§ INPUT
↓↓↓

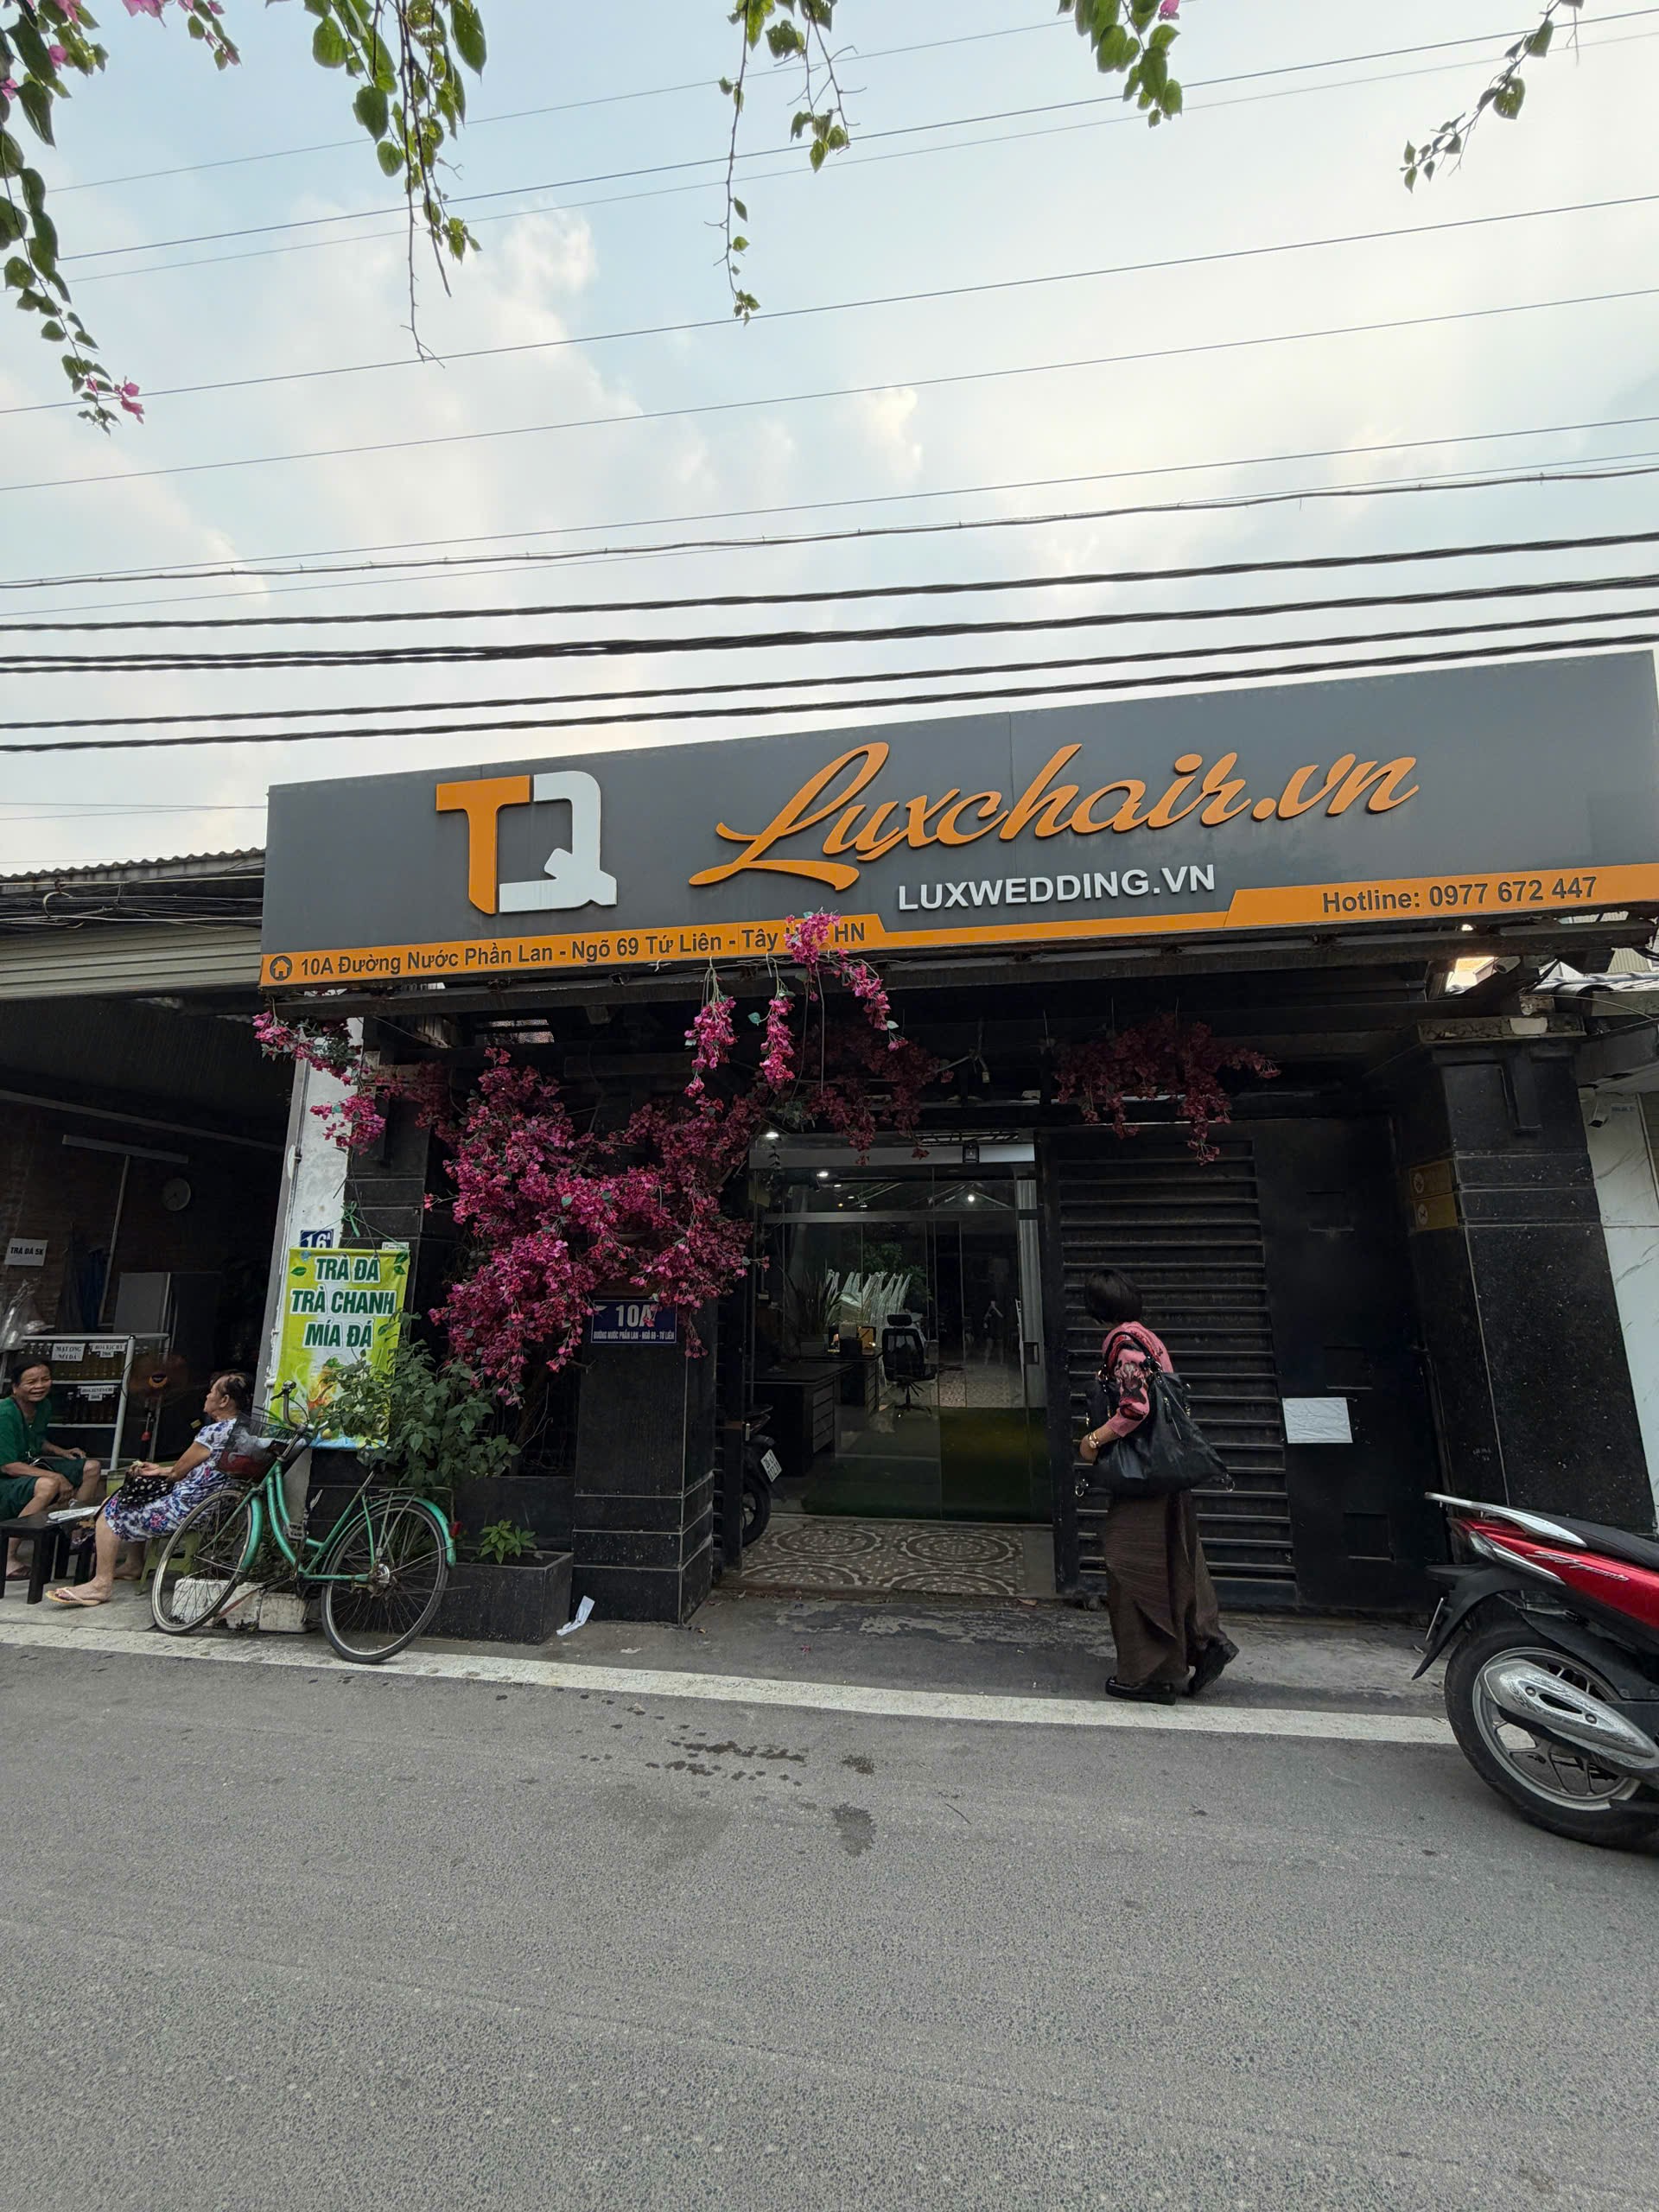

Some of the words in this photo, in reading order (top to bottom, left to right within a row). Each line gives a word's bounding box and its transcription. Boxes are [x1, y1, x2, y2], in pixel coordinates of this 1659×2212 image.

[689, 741, 1420, 892] Luxchair.vn
[898, 864, 1216, 911] LUXWEDDING.VN
[1323, 890, 1421, 913] Hotline:
[1429, 883, 1488, 907] 0977
[1497, 880, 1543, 903] 672
[1551, 875, 1597, 899] 447
[301, 957, 334, 976] 10A
[338, 954, 401, 976] Đường
[407, 950, 459, 970] Nước
[464, 942, 512, 966] Phần
[518, 944, 553, 963] Lan
[571, 940, 610, 963] Ngõ
[616, 938, 639, 956] 69
[645, 934, 674, 955] Tứ
[679, 930, 721, 951] Liên
[741, 928, 779, 951] Tây
[834, 922, 865, 943] HN
[292, 1286, 326, 1313] TRÀ
[330, 1290, 396, 1314] CHANH
[615, 1304, 654, 1327] 10A
[304, 1319, 341, 1347] MÍA
[346, 1320, 372, 1348] ĐÁ

↑↑↑

§ TASK GOAL
The listing should be transcribed exactly. No picture is to appear in the transcription.

§ OUTPUT OF THE EXERCISE
Some of the words in this photo, in reading order (top to bottom, left to right within a row). Each line gives a word's bounding box and its transcription. Boxes are [x1, y1, x2, y2], in pixel coordinates of this 1659×2212 image.

[689, 741, 1420, 892] Luxchair.vn
[898, 864, 1216, 911] LUXWEDDING.VN
[1323, 890, 1421, 913] Hotline:
[1429, 883, 1488, 907] 0977
[1497, 880, 1543, 903] 672
[1551, 875, 1597, 899] 447
[301, 957, 334, 976] 10A
[338, 954, 401, 976] Đường
[407, 950, 459, 970] Nước
[464, 942, 512, 966] Phần
[518, 944, 553, 963] Lan
[571, 940, 610, 963] Ngõ
[616, 938, 639, 956] 69
[645, 934, 674, 955] Tứ
[679, 930, 721, 951] Liên
[741, 928, 779, 951] Tây
[834, 922, 865, 943] HN
[292, 1286, 326, 1313] TRÀ
[330, 1290, 396, 1314] CHANH
[615, 1304, 654, 1327] 10A
[304, 1319, 341, 1347] MÍA
[346, 1320, 372, 1348] ĐÁ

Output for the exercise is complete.